Content starts

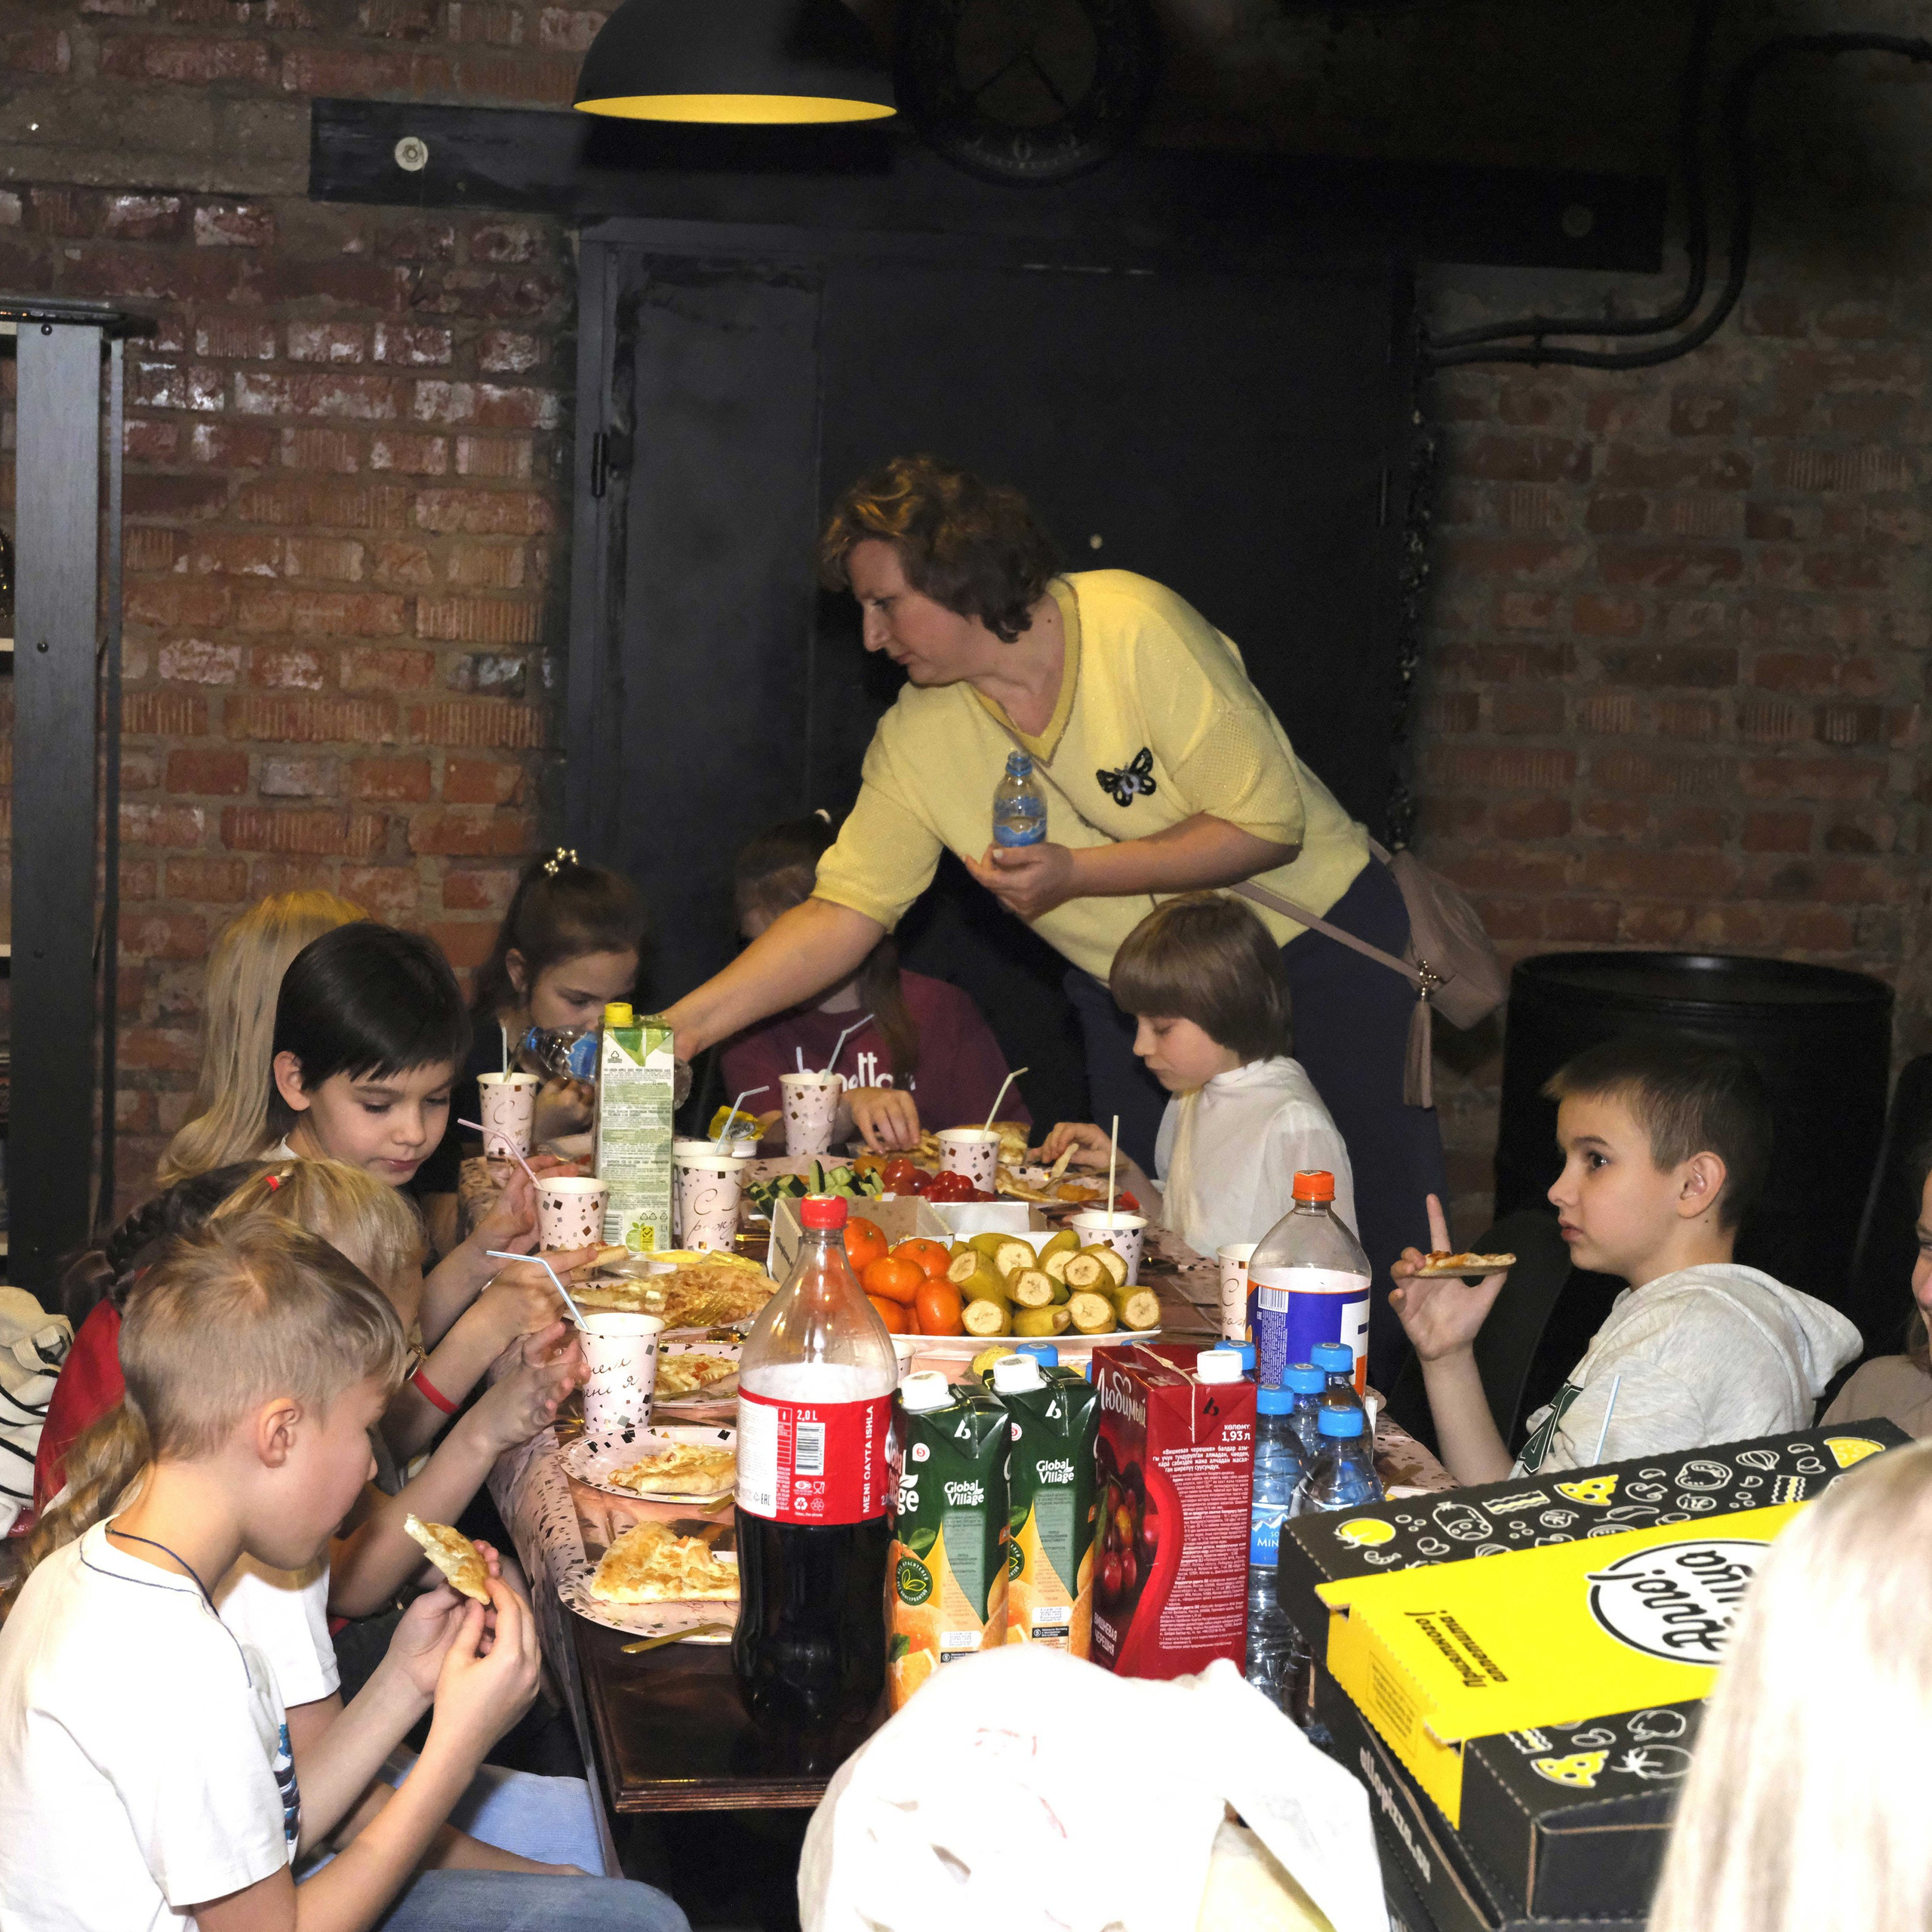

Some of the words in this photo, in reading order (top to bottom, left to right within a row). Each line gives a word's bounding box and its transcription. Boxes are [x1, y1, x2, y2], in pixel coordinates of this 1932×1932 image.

[1097, 1367, 1146, 1429] Любимый
[797, 1409, 811, 1421] 2,0
[812, 1410, 818, 1420] L
[866, 1405, 874, 1439] ISHLA
[1222, 1431, 1243, 1441] 1,93
[1036, 1458, 1071, 1473] Global
[1038, 1470, 1075, 1484] Village
[944, 1480, 981, 1494] Global
[863, 1482, 871, 1513] MENI
[947, 1492, 985, 1506] Village
[1257, 1537, 1280, 1547] MIN
[1094, 1611, 1118, 1642] ВИШНЕВАЯ
[1094, 1628, 1115, 1657] ЧЕРЕШНЯ
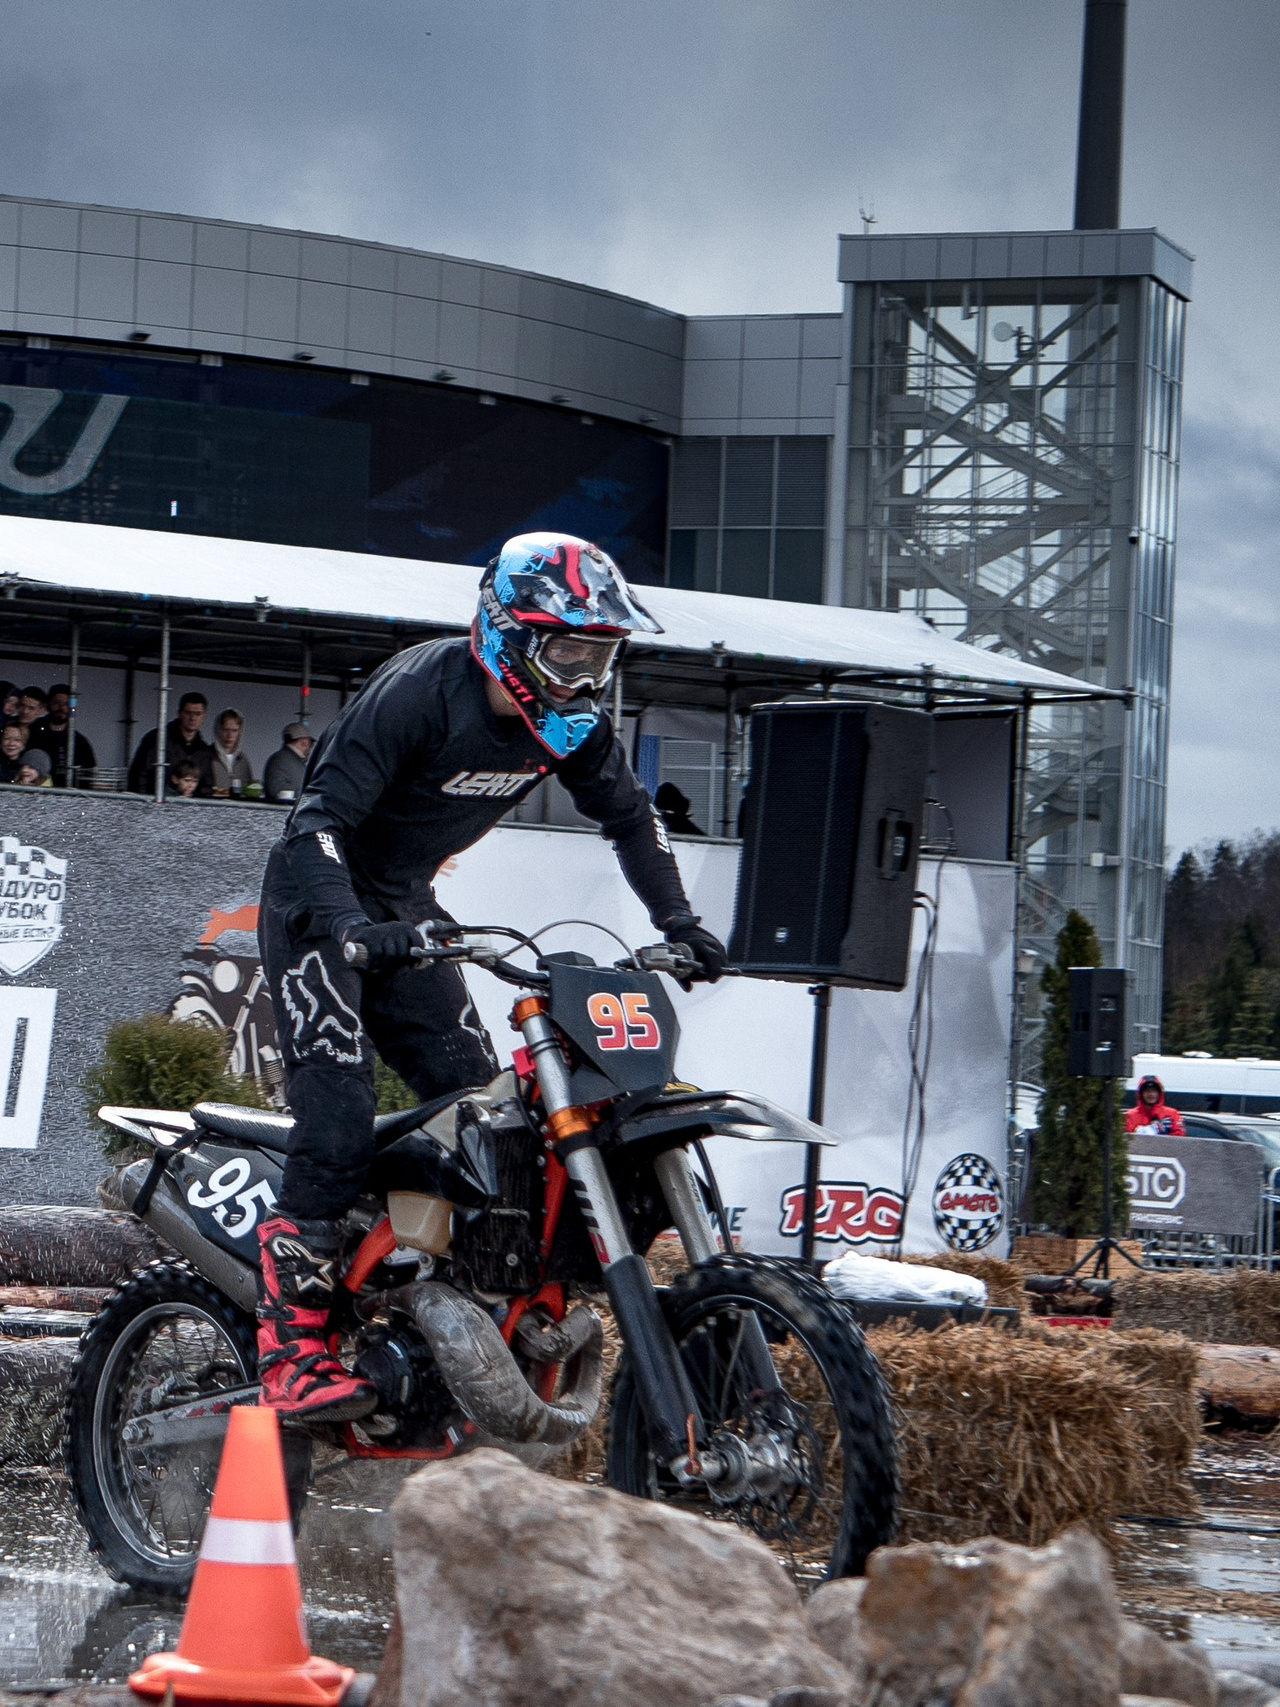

Content ends

[WORK TO COMPLETE] Pictures stay out; everything else in the listing above gets restated word for word.

[YOUR RESPONSE]
Some of the words in this photo, in reading order (top to bottom, left to right within a row). Each line gives a word's bounding box and its transcription. Boxes are [x1, y1, x2, y2], in pixel coordinates of this 1932×1932 image.

[1097, 1367, 1146, 1429] Любимый
[797, 1409, 811, 1421] 2,0
[812, 1410, 818, 1420] L
[866, 1405, 874, 1439] ISHLA
[1222, 1431, 1243, 1441] 1,93
[1036, 1458, 1071, 1473] Global
[1038, 1470, 1075, 1484] Village
[944, 1480, 981, 1494] Global
[863, 1482, 871, 1513] MENI
[947, 1492, 985, 1506] Village
[1257, 1537, 1280, 1547] MIN
[1094, 1611, 1118, 1642] ВИШНЕВАЯ
[1094, 1628, 1115, 1657] ЧЕРЕШНЯ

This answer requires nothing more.